## WHAT YOU NEED TO DO
If a line holds an image, leave the image out; write out everything else in the records exactly.

== STORED DATA

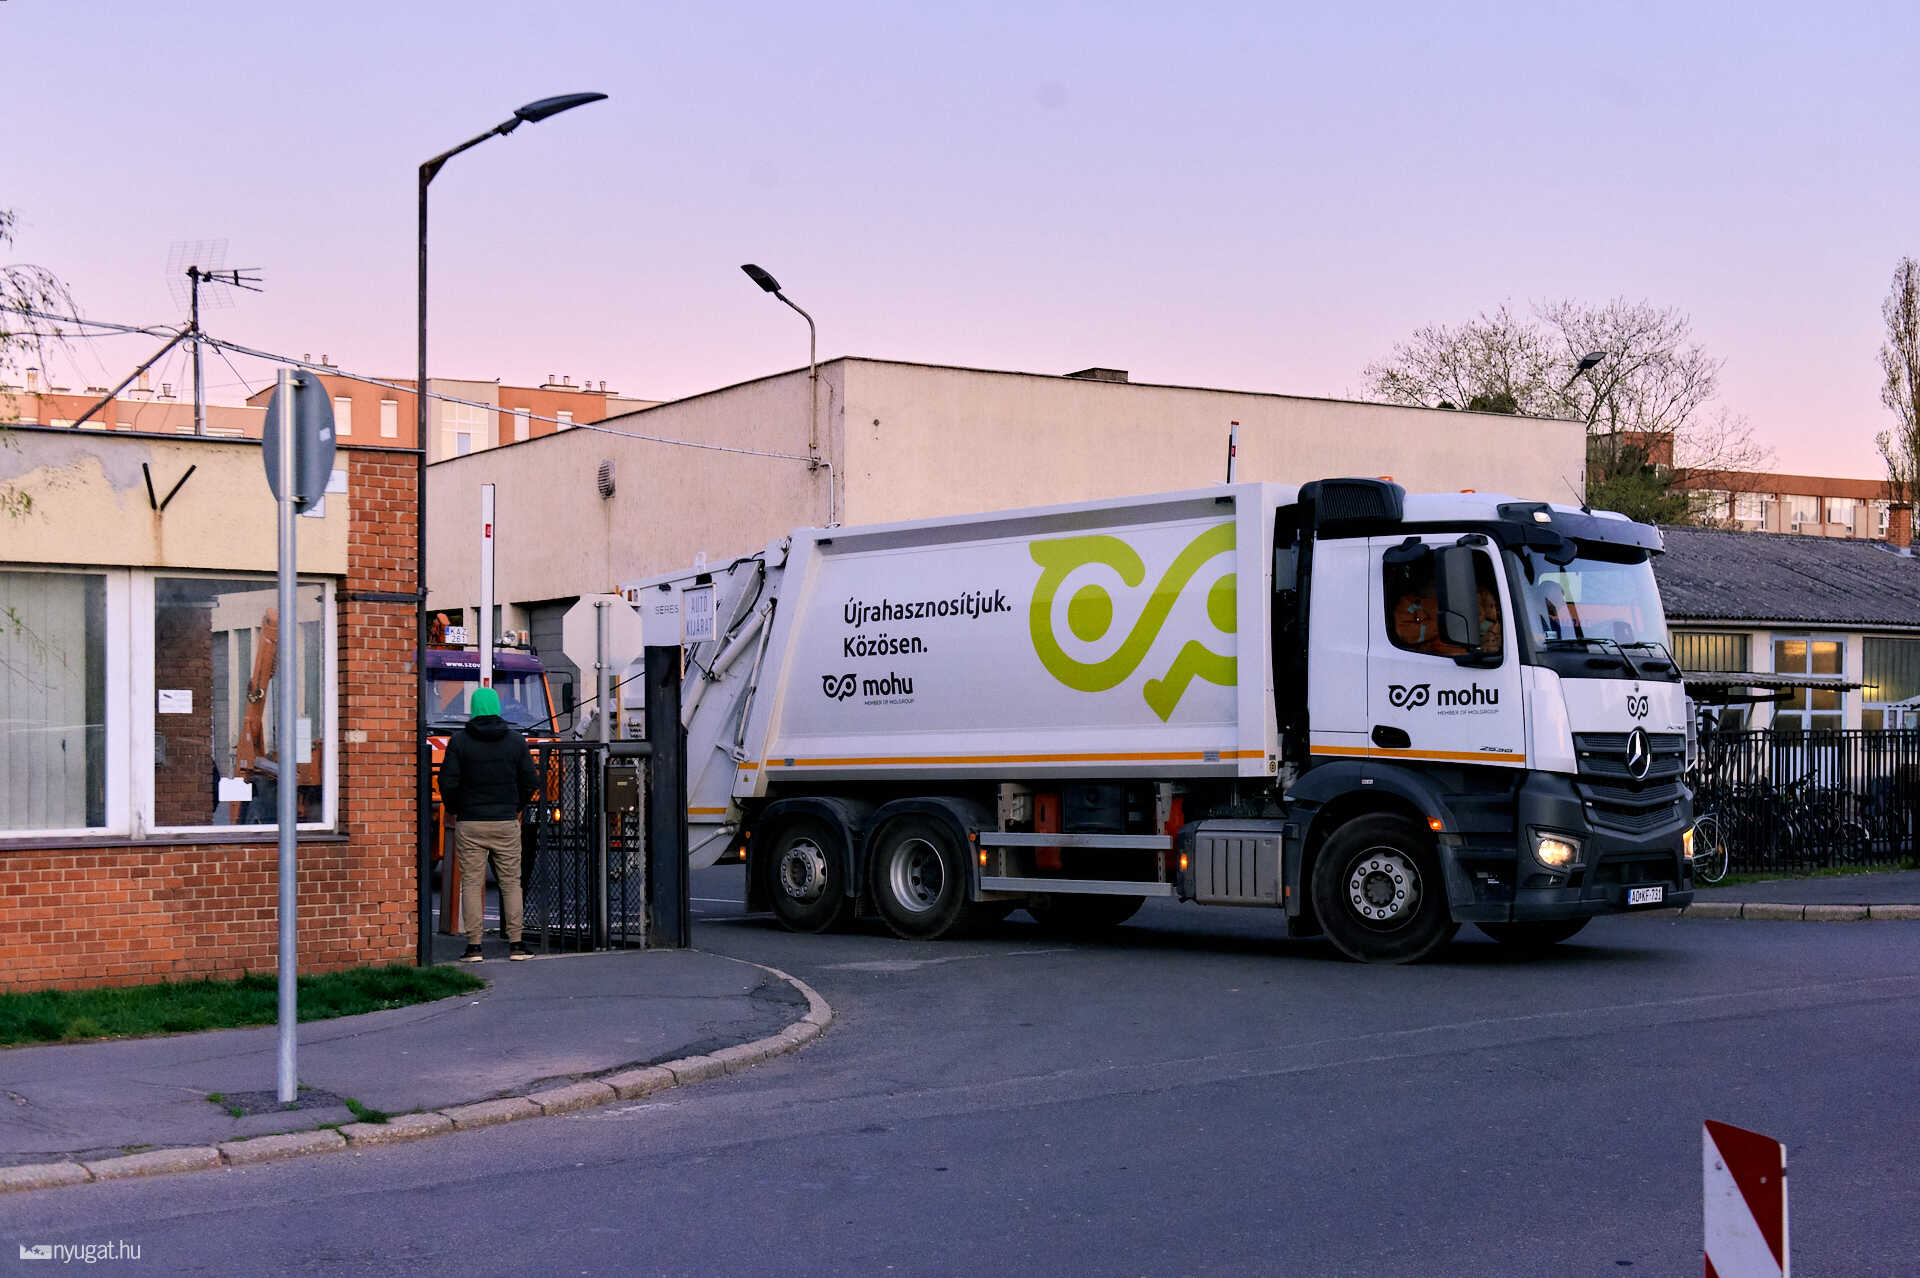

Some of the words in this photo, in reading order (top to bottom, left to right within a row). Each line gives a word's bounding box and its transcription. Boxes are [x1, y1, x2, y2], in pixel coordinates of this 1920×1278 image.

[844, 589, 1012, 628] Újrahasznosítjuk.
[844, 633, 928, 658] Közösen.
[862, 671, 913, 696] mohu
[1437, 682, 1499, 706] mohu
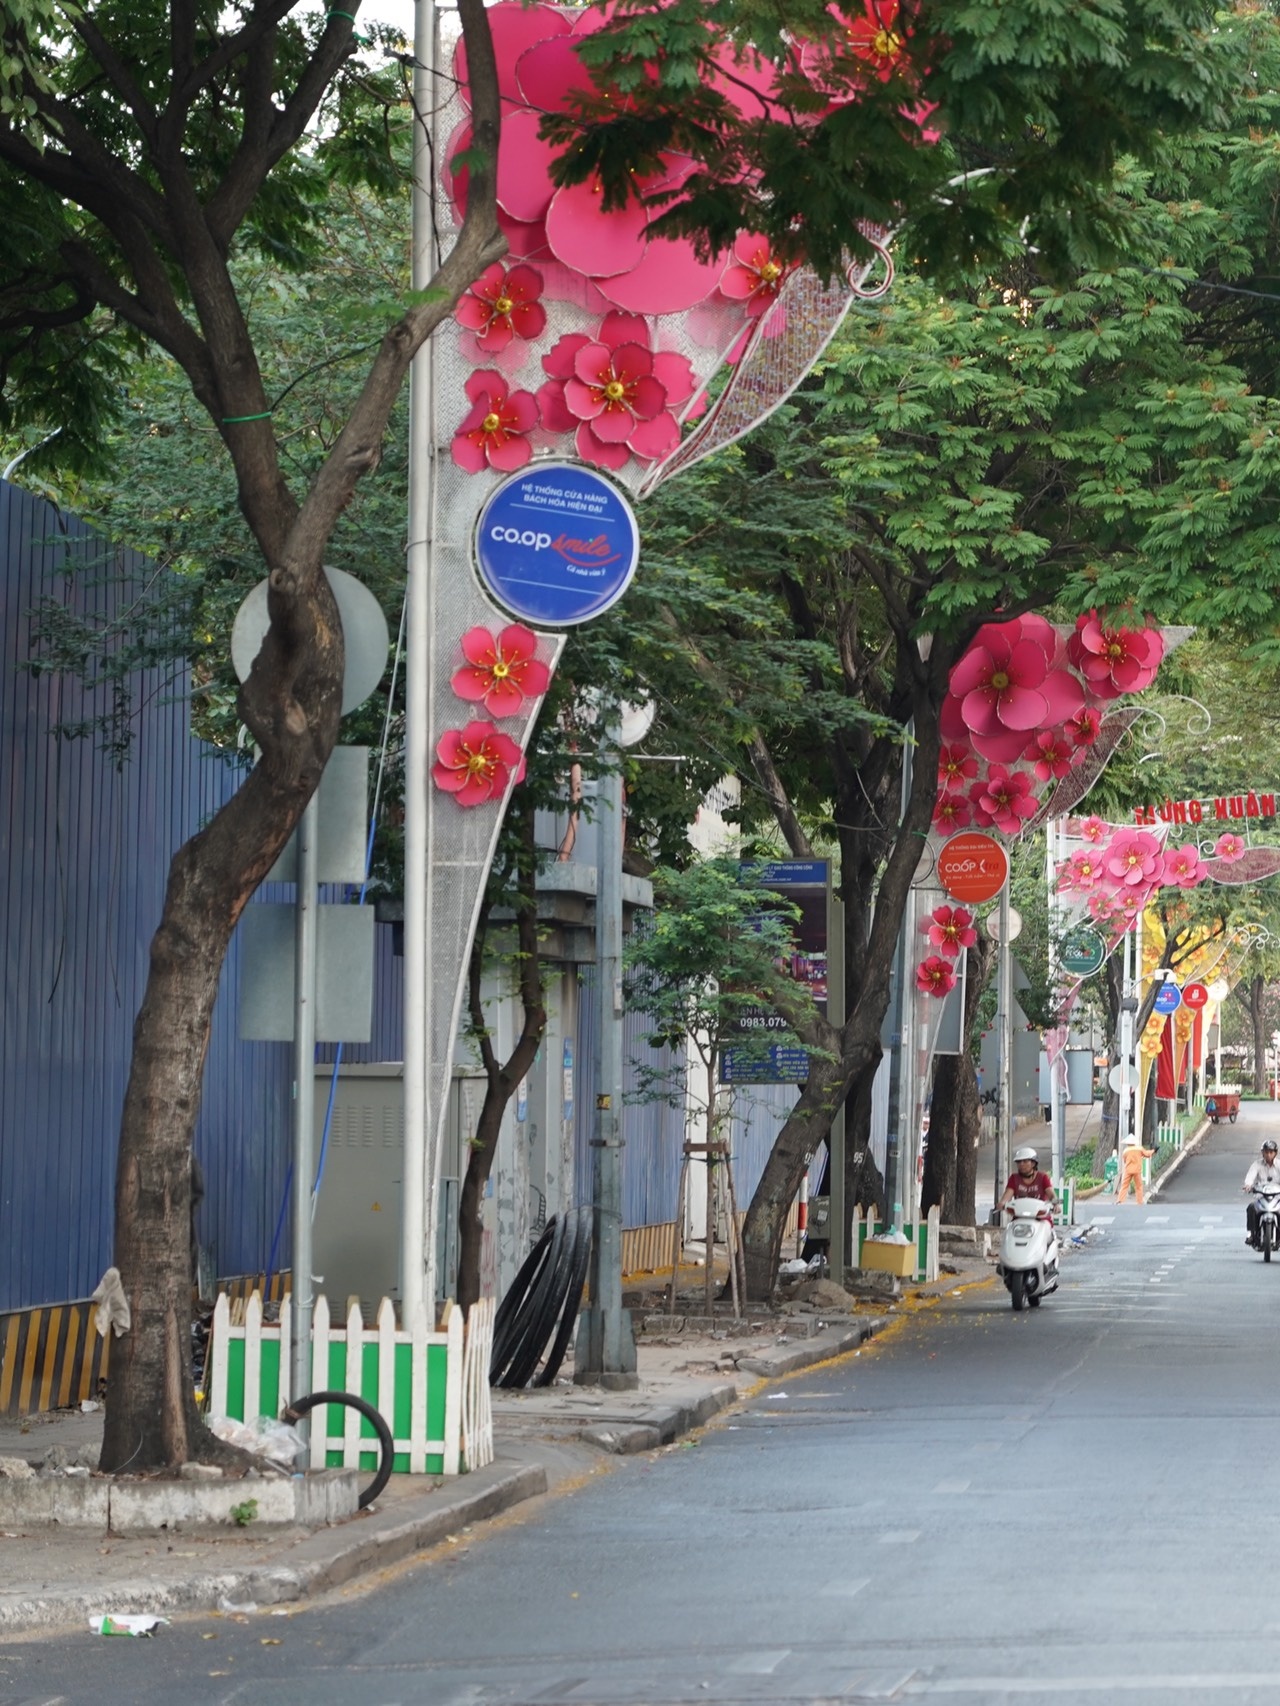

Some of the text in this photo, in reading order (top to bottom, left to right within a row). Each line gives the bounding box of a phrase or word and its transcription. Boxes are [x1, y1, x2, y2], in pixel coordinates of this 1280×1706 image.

====

## TASK RESULT
Some of the words in this photo, in reading order (top to bottom, left to right within a row). Each line gives a word's bounding box and its transcription. Boxes are [x1, y1, x2, y2], in pixel coordinates of this 1920×1278 image.

[844, 589, 1012, 628] Újrahasznosítjuk.
[844, 633, 928, 658] Közösen.
[862, 671, 913, 696] mohu
[1437, 682, 1499, 706] mohu

Some of the text in this photo, in reading order (top to bottom, left to right within a row). Each line gives the bounding box of a phrase or word and its transcription. Boxes are [x1, y1, x2, y2], in pixel coordinates of this 1280×1706 image.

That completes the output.